Antiarrhythmic and antifibrillatory actions of the beta adrenergic receptor antagonist, dl-sotalol.

The antiarrhythmic and antifibrillatory actions of the beta adrenergic receptor antagonist, dl-sotalol, were examined in the canine heart subjected to myocardial ischemic injury. Programmed electrical stimulation of the heart was done 4 to 7 days after a 2-hr occlusion followed by reperfusion of the left anterior descending coronary artery. The resulting dysrhythmias consisted of nonsustained ventricular tachycardia (n = 1), sustained ventricular tachycardia (n = 5) or polymorphous ventricular tachycardia degenerating to ventricular fibrillation (n = 3). After dl-sotalol (8 mg/kg), programmed stimulation failed to produce ventricular arrhythmias in five animals with only nonsustained ventricular tachycardia observed in the other animals. Epicardial activation delays produced in ischemically injured myocardium by premature ventricular stimuli were not altered by treatment with sotalol. However, the increase in ventricular refractoriness (156 +/- 5 msec predrug vs. 191 +/- 7 msec post 8 mg/kg of sotalol, P less than .01) prevented the introduction of premature ventricular stimuli at coupling intervals previously producing ventricular tachyarrhythmias despite the presence of continuous diastolic electrical activity recorded with epicardial composite electrodes over the region of chronic myocardial injury.
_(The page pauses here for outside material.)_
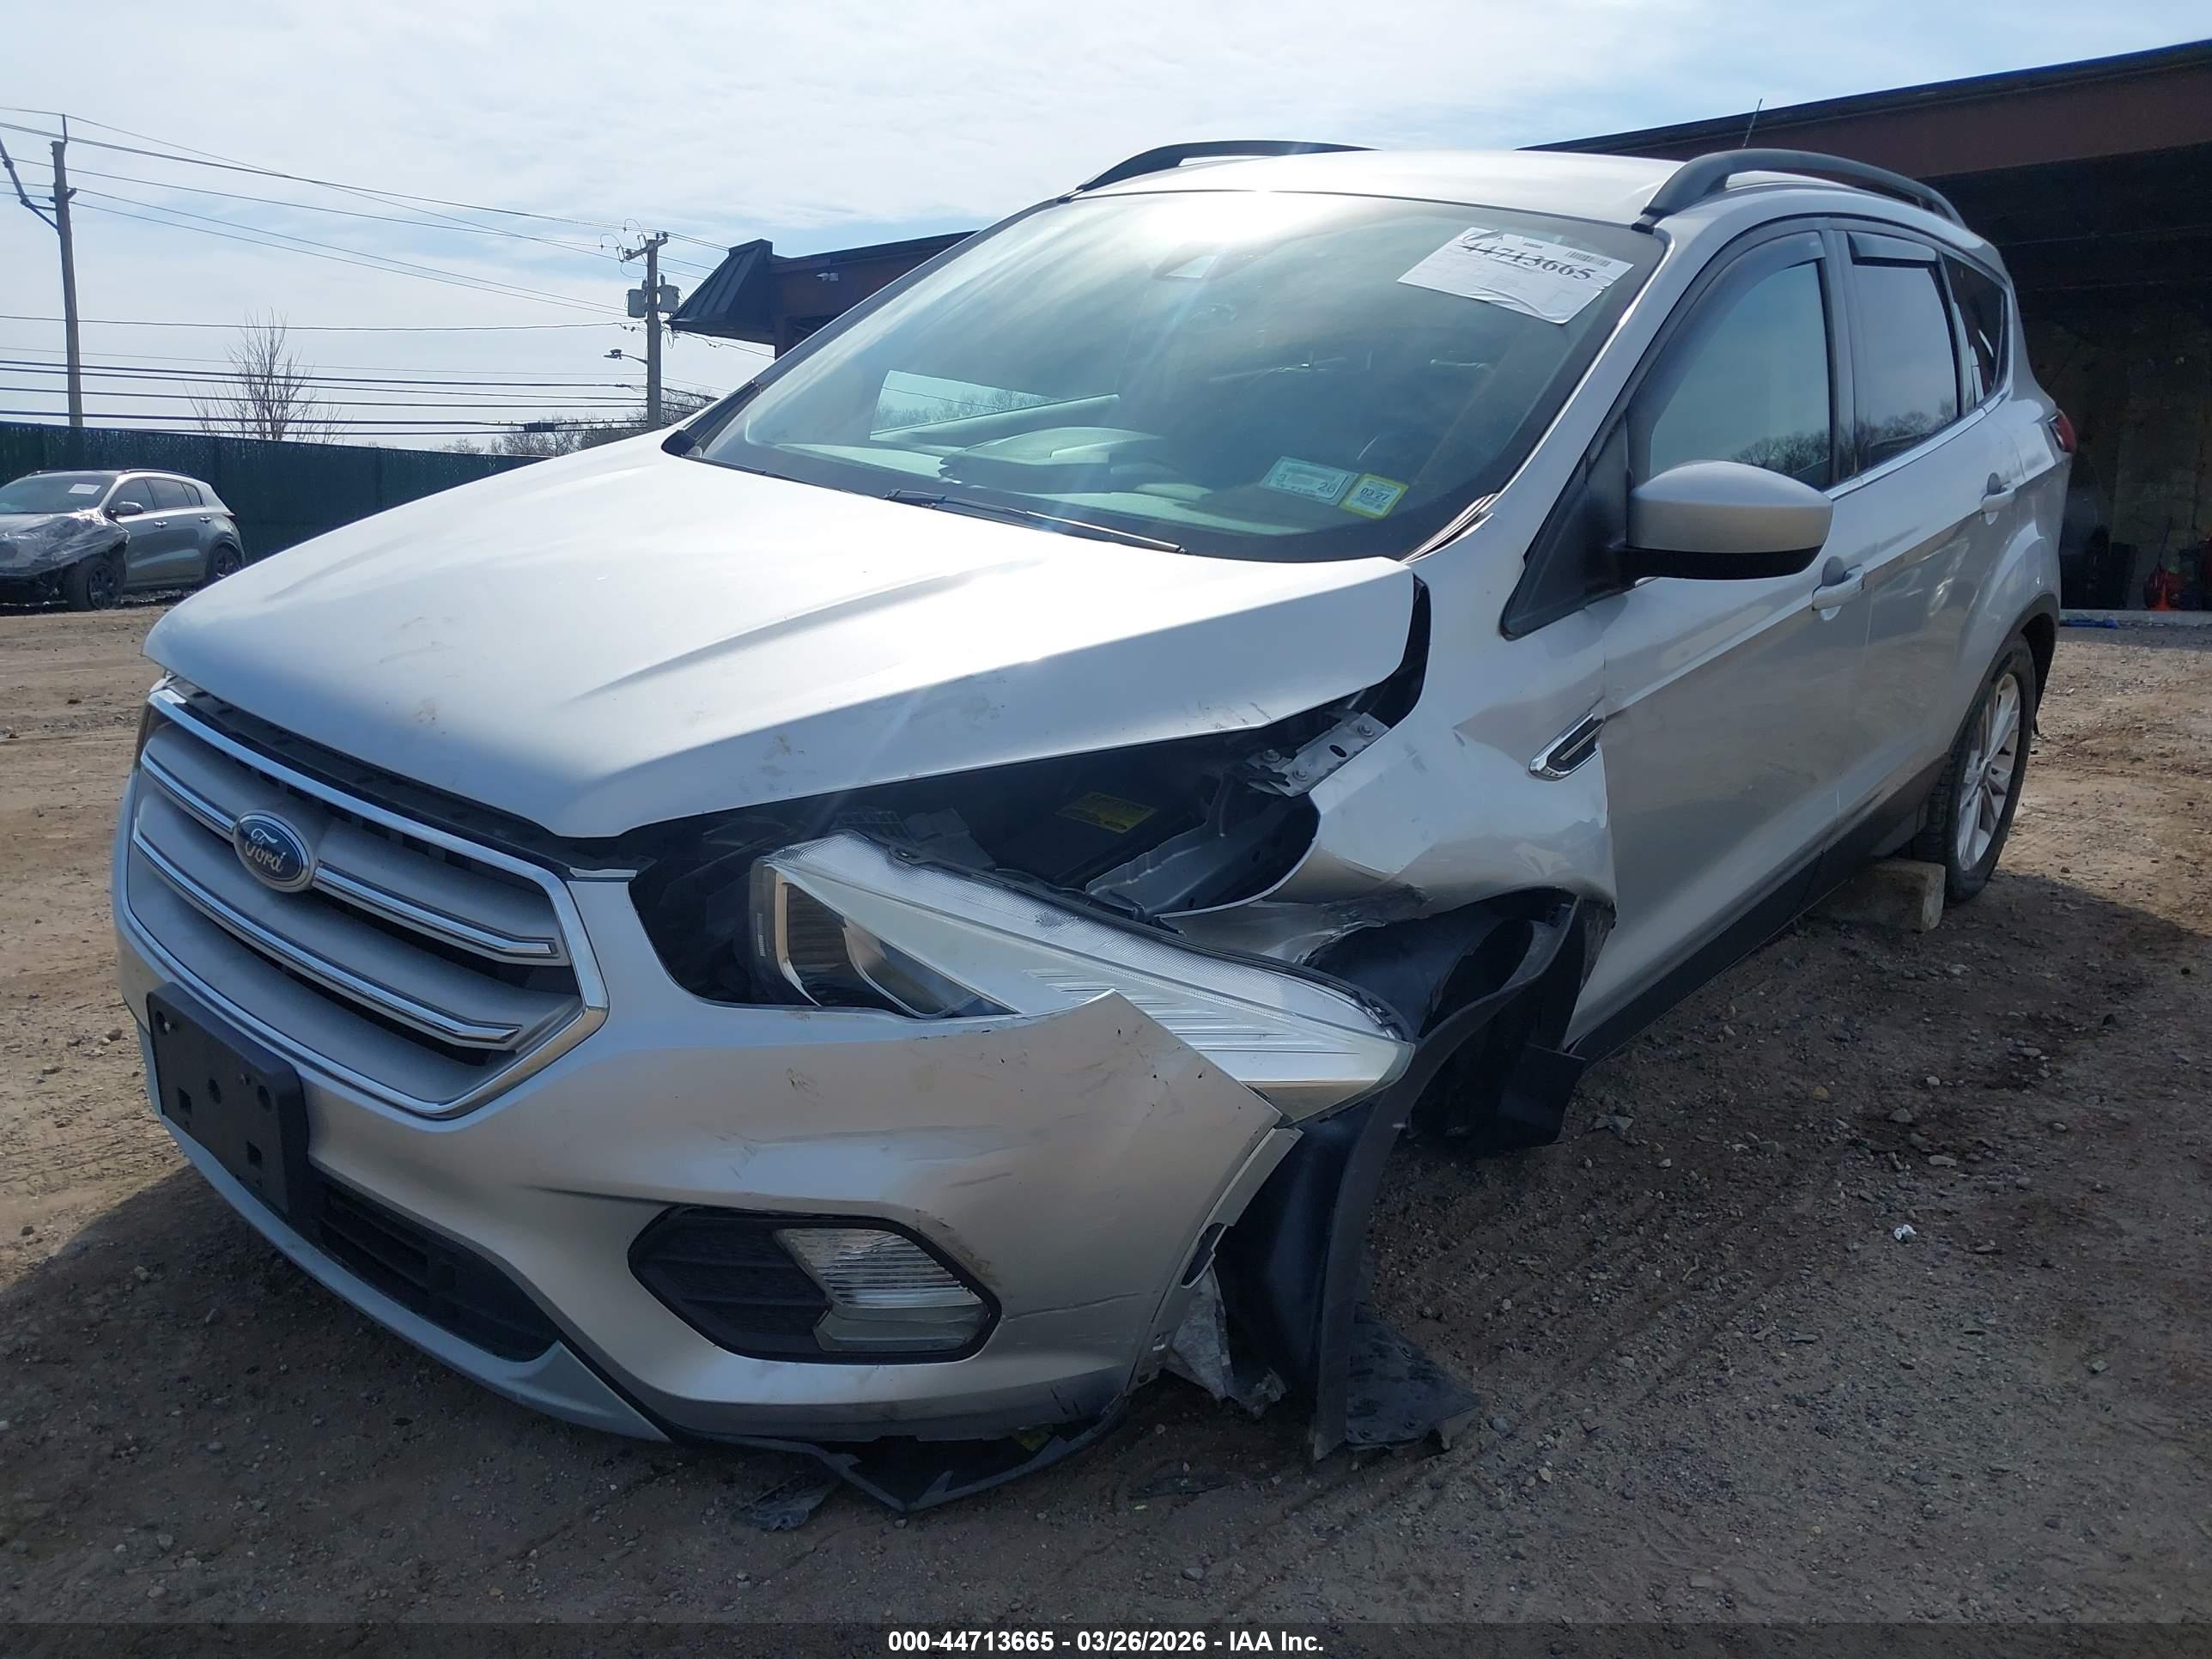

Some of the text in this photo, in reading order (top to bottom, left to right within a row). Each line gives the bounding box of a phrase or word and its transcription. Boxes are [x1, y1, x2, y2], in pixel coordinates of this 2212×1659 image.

[1461, 242, 1596, 280] 44713665
[1360, 487, 1375, 496] 03
[245, 828, 287, 872] Ford
In a conscious canine model which spontaneously develops ventricular fibrillation, dl-sotalol (2 mg/kg, n = 7; 8 mg/kg, n = 13) decreased the incidence of ventricular fibrillation and increased survival at 24 hr (13 of 20, 65% vs. control, 1 of 15, 7%; P less than .001). Composite electrograms recorded from the anterior and posteriorlateral surfaces of the heart demonstrated the rapid development of activation delays on the posteriorlateral surface with the appearance of ischemic ST segment changes.(ABSTRACT TRUNCATED AT 250 WORDS)